By Steve Birr
More than 100 people serving jail time for marijuana convictions in Vermont received a pardon from the governor Tuesday in one of his final acts in office.
Vermont Gov. Peter Shumlin, a Democrat, pardoned 192 individuals convicted on marijuana charges after receiving 450 requests before Christmas. Shumlin encouraged marijuana convicts to make a request for a pardon in early December, promising to consider forgiving their crimes. The substance remains illegal in Vermont and efforts to legalize it have all come up short in recent years. Shumlin supports marijuana legalization, calling the war on drugs an “incredible failure,” reports The New York Times.

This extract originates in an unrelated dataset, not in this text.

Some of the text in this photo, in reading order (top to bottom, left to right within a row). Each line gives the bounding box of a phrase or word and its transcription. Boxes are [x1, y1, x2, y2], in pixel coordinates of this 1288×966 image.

The pardons only applied to non-violent convicts, with no felony convictions or sentences for driving under the influence. The majority of convicts who received pardons are under the age of 40.

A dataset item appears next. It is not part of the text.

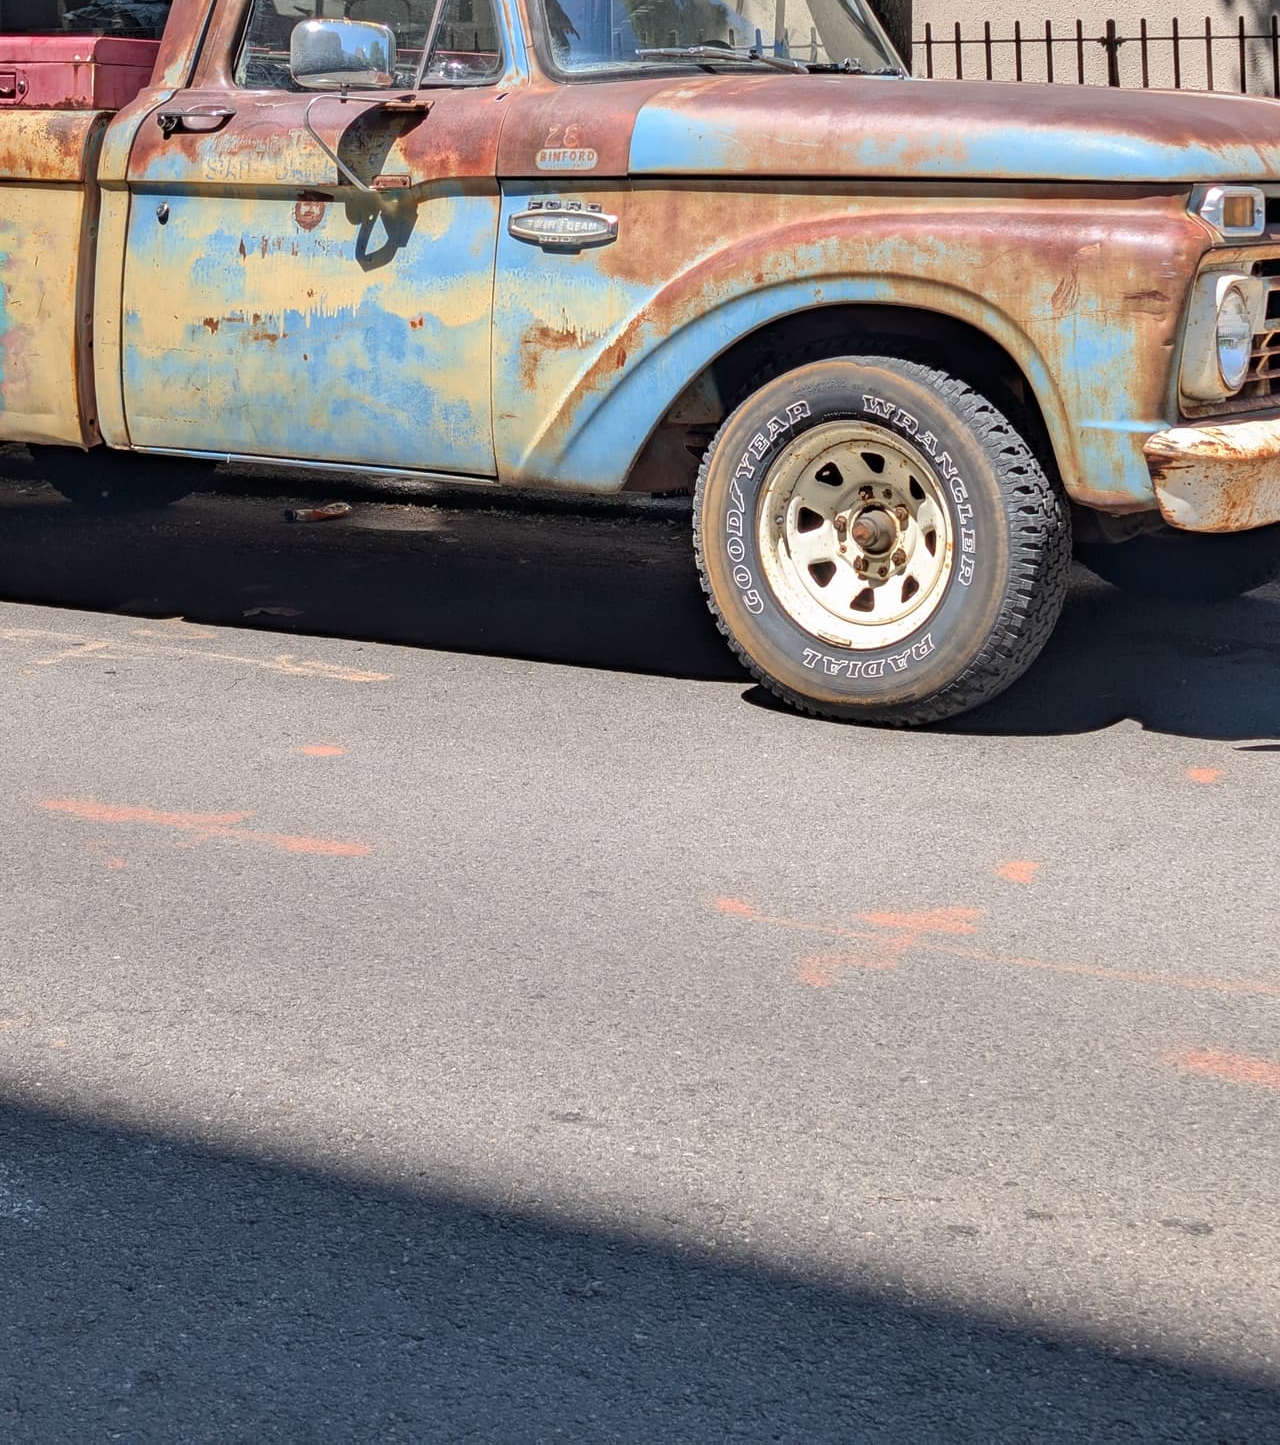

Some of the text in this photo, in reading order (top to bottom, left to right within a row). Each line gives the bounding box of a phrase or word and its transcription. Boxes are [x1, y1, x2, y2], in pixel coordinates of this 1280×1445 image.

[540, 149, 595, 163] BINFORD
[528, 199, 603, 212] FORD
[861, 394, 977, 589] WRANGLER
[802, 632, 937, 679] RADIAL

“While attitudes and laws about marijuana use are rapidly changing, there is still a harmful stigma associated with it,” Shumlin said in a statement Tuesday. “My hope was to help as many individuals as I could overcome that stigma and the very real struggles that too often go along with it.”
Shumlin argues marijuana convictions can often be an impediment, especially for young people, to their future college and career aspirations. Phil Scott, a Republican who will be sworn in as governor of Vermont Thursday, said he supports the marijuana pardons and is possibly open to future legalization.

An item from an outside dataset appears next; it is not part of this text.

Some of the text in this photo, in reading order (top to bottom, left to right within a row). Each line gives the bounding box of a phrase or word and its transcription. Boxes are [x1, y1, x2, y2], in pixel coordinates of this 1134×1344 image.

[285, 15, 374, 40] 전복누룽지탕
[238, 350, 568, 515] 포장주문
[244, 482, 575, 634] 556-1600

Shumlin, who has granted a record 208 pardons as governor, says Vermont needs to follow the example of states around the country and move forward with legalization of the substance.
Medical marijuana is legal in 28 states and Washington, D.C., where it is also legal for recreational use. Medical marijuana legalization passed in Florida with 71 percent support and also secured passage in Arkansas and North Dakota on Election Day. Voters in Maine, Nevada, California and Massachusetts all approved measures to legalize marijuana for recreational use on Election Day.